A major study published last year before the nationwide vaping panic has been retracted. The research was pulled by the American Heart Association’s Scientific Journal over concerns that the data was misleading and the conclusions unreliable.
Related: It’s Time to Vaporize the War on E-Cigarettes
The paper suggested that just as harmful to your health as smoking tobacco. Taken alongside a series of deaths resulting from third party ‘juice,’ the “we have to do something” crowd jumped into action.
Public interest resume padding is all part of that never let a crisis go to waste bilge so the progressives (in both parties) got to work. New Hampshire Democrats proposed new taxes and restrictions.
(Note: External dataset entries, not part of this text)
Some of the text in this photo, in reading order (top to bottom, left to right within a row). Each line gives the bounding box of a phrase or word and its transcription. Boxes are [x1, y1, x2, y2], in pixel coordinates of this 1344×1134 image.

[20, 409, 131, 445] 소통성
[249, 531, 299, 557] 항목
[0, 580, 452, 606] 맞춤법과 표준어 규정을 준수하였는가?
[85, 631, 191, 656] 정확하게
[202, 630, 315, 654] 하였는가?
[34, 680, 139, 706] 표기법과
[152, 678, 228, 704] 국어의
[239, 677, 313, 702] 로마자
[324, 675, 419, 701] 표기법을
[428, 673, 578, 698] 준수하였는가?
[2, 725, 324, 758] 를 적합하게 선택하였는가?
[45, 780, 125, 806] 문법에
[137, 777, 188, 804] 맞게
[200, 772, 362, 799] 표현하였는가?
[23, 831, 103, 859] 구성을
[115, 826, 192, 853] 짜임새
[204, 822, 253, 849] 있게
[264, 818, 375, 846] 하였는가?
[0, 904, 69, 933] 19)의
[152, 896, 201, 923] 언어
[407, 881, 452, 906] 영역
Across our southern border, Massachusetts instituted a four-month ban on all vaping products.
New Hampshire appreciates the record-setting sales while noting that the Mass Ban could do more harm than good.
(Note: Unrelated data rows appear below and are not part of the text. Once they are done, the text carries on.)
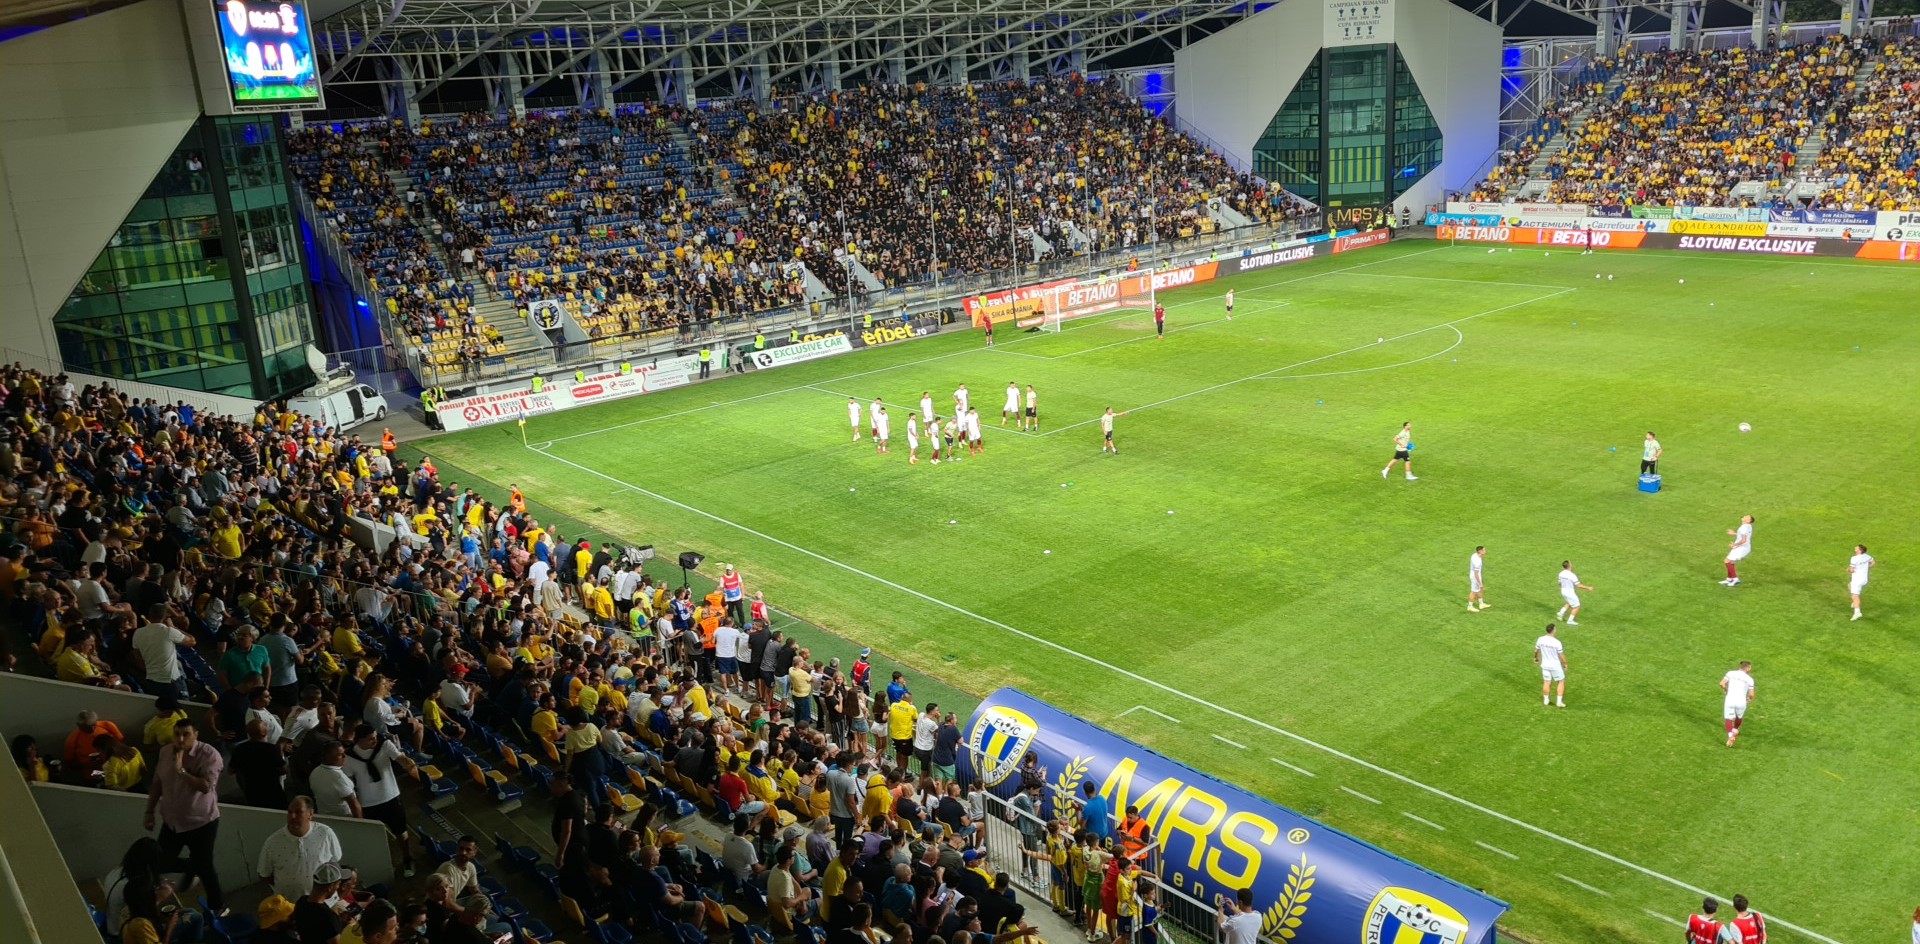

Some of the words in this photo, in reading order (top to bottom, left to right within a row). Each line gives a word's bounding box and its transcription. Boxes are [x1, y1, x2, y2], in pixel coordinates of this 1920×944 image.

[1455, 226, 1510, 241] BETANO
[1522, 221, 1572, 229] ACTEMIUM
[1592, 220, 1636, 230] Carrefour
[1689, 222, 1764, 231] ALEXANDRION
[1679, 236, 1738, 250] SLOTURI
[1738, 238, 1817, 253] EXCLUSIVE
[1240, 254, 1273, 270] SLOTURI
[1273, 245, 1315, 263] EXCLUSIVE
[1153, 268, 1196, 289] BETANO
[1067, 282, 1118, 307] BETANO
[773, 340, 823, 359] EXCLUSIVE
[824, 337, 844, 350] CAR
[1099, 757, 1279, 892] MRS
Bans popped up everywhere Democrats hold power. But we noted then that the problem was not vaping but aftermarket products. And we challenged the lefts knee-jerk orthodoxy.
Vaping has helped save more lives than we’ll ever count by helping people get off tobacco. No kids shouldn’t be vaping but then they aren’t supposed to smoke tobacco or drink alcohol. There are laws in place for that. But the compulsion to ban is a sad feature or leftwing politics.
As for the paper that got pulled, the author stands by his research but there are enough issues with the choice or research subjects to question the results. Many of the vapers who suffered heart attacks, for example, had been long term tobacco users before switching.
JAHA pulled the paper after Brad Rodu, a tobacco control expert at the University of Louisville, noted that many of the vapers Glantz and Bhatta analyzed for the study were also current or former smokers. Rodu argued that there was a possibility that the use of combustible cigarettes is what made them more likely to suffer heart attacks.
Last month, several scholars at public-health schools including New York University, Yale, and King’s College London sent a letter to JAHA bringing attention to Rodu’s criticisms and asking for an appropriate investigation.
David Sweanor, an adjunct professor of law at the University of Ottawa who has studied the global tobacco industry for decades, was among those who signed the letter.
No one is saying vaping is without risk but then neither is alcohol or marijuana or driving to work. The point here is less about the bad research (of which there is much on many topics) but the political will to ride the nearest horse on the fastest course to some form of government control.
It is a tendency prominent in the Left and in a few too many on the right.